Languages of India
How India's languages are grouped into families, which ones the Constitution recognises and protects, the classical-language tag, and the ancient scripts they descend from.
India is one of the most linguistically diverse countries in the world. The languages spoken here belong to a handful of distinct language families. A language family is a group of languages that descend from a common ancestor older than recorded history. Most Indians speak a language from the Indo-Aryan group, but several families are indigenous to the subcontinent. Before the families, two terms worth fixing:
- Language family: a set of individual languages related through a single common ancestor.
- Dialect: a local form of a language. Many dialects can branch off one language.
Classification of Indian Languages
Think first
Many people assume Hindi is India's national language. Is it? The answer surprises most students, and so does the story of how English survived past 1965.
Indian languages fall into four major families, plus a small residual group.
Indo-Aryan group is by far the largest. About 74% of Indians speak a language from it.
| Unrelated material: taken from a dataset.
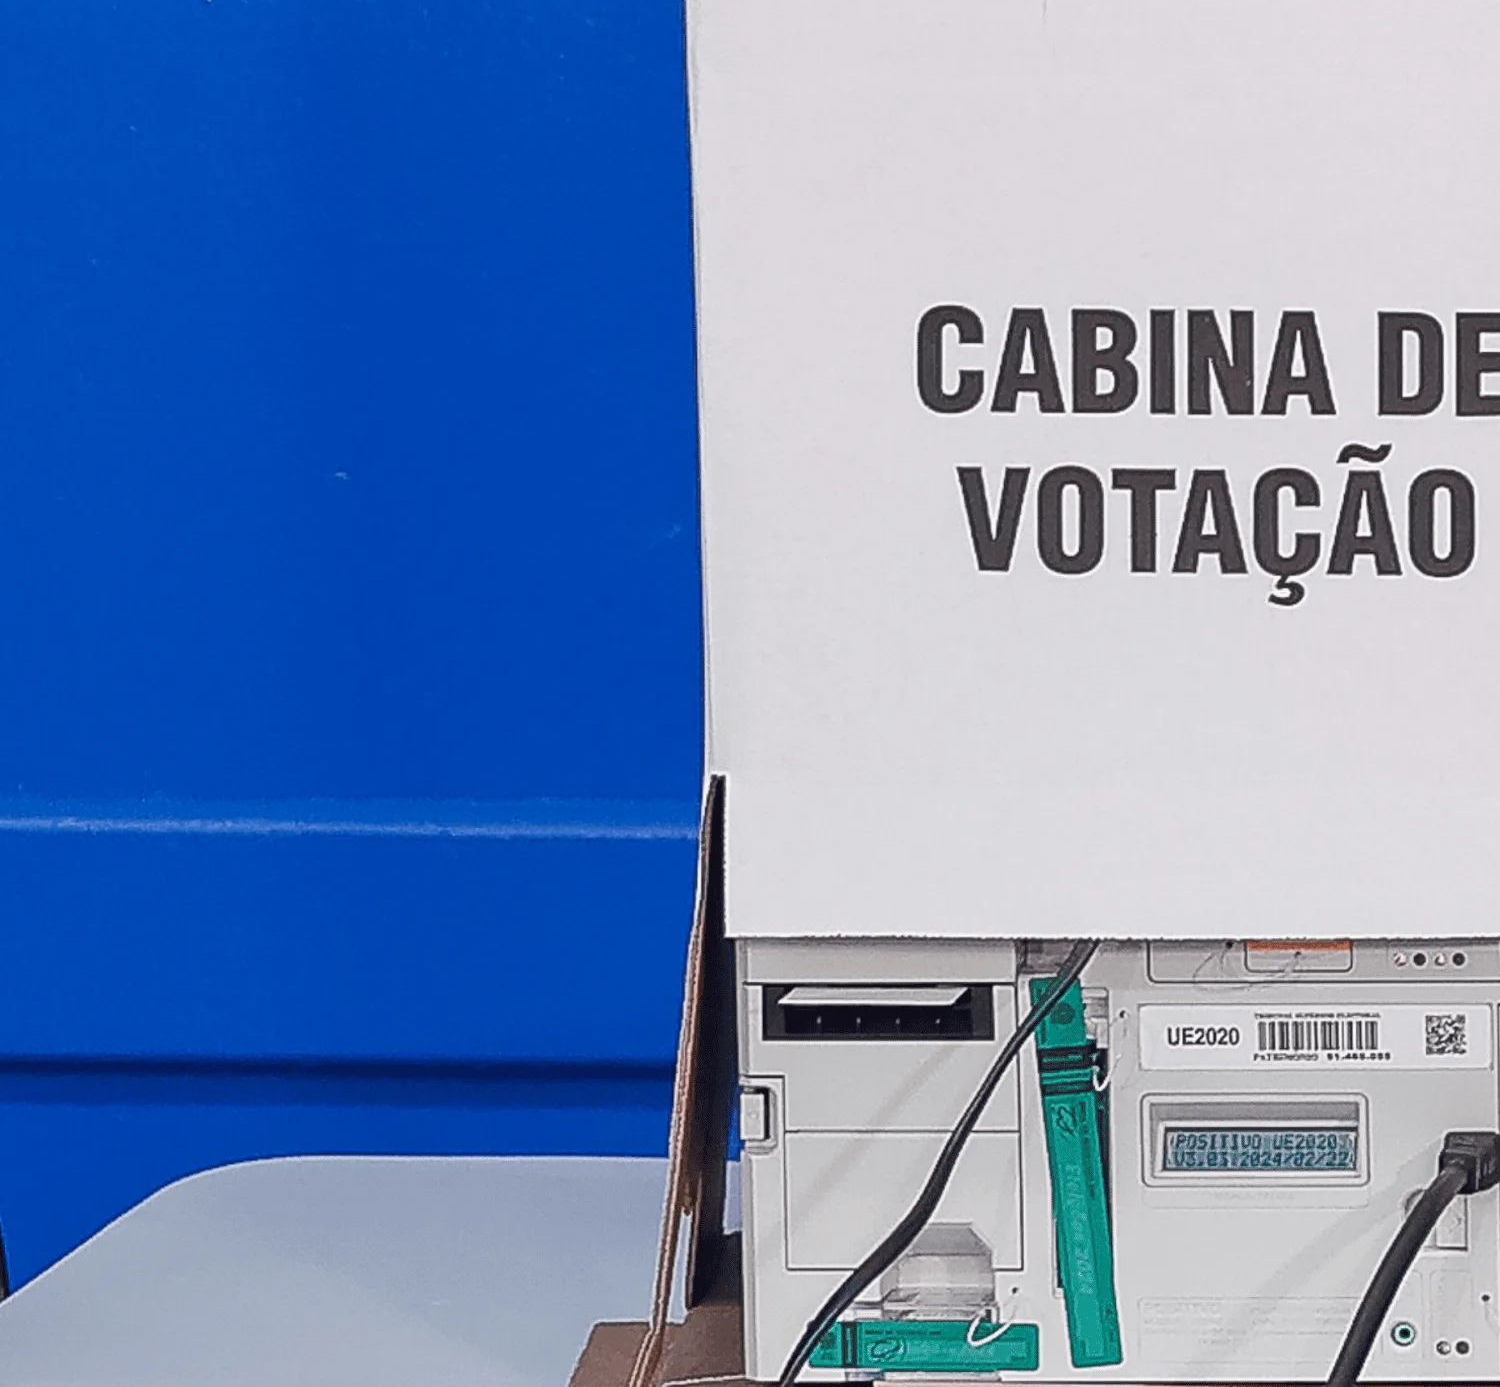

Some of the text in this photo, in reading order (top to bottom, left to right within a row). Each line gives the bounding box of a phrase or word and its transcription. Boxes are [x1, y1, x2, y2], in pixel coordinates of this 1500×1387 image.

It is a branch of the wider Indo-European family and came to India with the Aryans. It is sub-divided by age into three stages:
- Old Indo-Aryan: developed around 1500 BC, when Sanskrit was born. The oldest Sanskrit is the language of the Vedas. The Upanishads, Puranas and Dharmasutras are also in Sanskrit. Sanskrit grammar was systematised by Panini (around 400 BC) in his Ashtadhyayi, the oldest surviving grammar. The first epigraphic use of Sanskrit appears in the inscriptions of Rudradaman at Junagadh (Gujarat). Literary Sanskrit flowered under the Guptas. Sanskrit is one of the 22 scheduled languages.
- Middle Indo-Aryan: roughly 600 BC to 1000 AD, the age of the Prakrits, the natural, rule-light common tongues. Key Prakrits include:
- Pali: the language of the Buddhist Tripitaka and the lingua franca of Theravada Buddhism, written in Brahmi.
- Ardha-Magadhi (Magadhi Prakrit): the court language of the Mauryas, used in Jain Agamas and several of Ashoka's rock edicts. It is the ancestor of the eastern languages: Bengali, Assamese, Odia, Maithili and Bhojpuri.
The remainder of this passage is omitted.